Stability of serotypes during nasopharyngeal carriage of Streptococcus pneumoniae.
Meats E., Brueggemann AB., Enright MC., Sleeman K., Griffiths DT., Crook DW., Spratt BG.
Serotype changes among natural isolates of Streptococcus pneumoniae are well documented and occur by recombinational exchanges at the capsular biosynthetic locus. However, the frequency with which this phenomenon occurs within the nasopharynx of children is not clear and is likely to be highest in the nasopharynx of children, who have high rates of pneumococcal carriage. A birth cohort of 100 infants was studied, and pneumococci were recovered from nasopharyngeal samples taken at monthly intervals during the first 6 months of life and then at 2-monthly intervals until the age of 2 years.
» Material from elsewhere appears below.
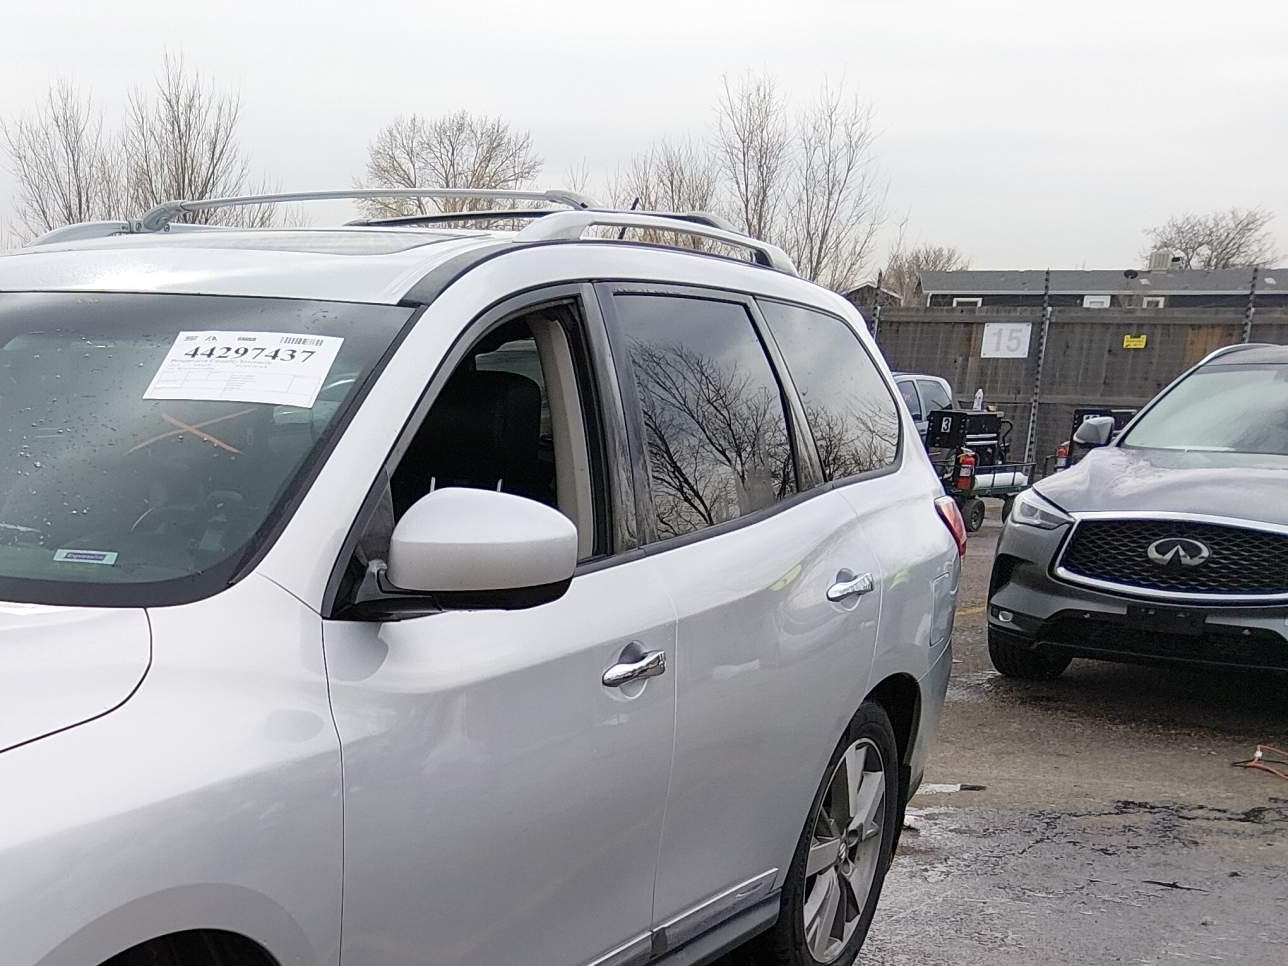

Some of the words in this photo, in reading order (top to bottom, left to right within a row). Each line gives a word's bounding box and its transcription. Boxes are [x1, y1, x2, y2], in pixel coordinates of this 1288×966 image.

Among the 1,353 nasopharyngeal samples were 523 that contained presumptive pneumococci, and three colonies from each were serotyped. A total of 333 isolates, including all isolates of differing serotypes from the same child, were characterized by multilocus sequence typing. Sixty-eight children carried multiple serotypes during the first 2 years of life. Two children carried a typeable and a nonserotypeable pneumococcus of identical genotype, and five children carried genetically indistinguishable isolates of serotypes 15B and 15C. These isolates were considered, respectively, to be due to loss of capsule expression and the known ability of serotype 15B and 15C pneumococci to interconvert by loss or gain of an acetyl group on the capsular polysaccharide. In all other cases, isolates from the same children that differed in serotype also differed in genotype, indicating the acquisition of a different pneumococcal strain rather than a change in capsular type. There was therefore no evidence in this study for any change of serotype due to recombinational replacements at the capsular locus among the pneumococci carried within the nasopharynges of the children.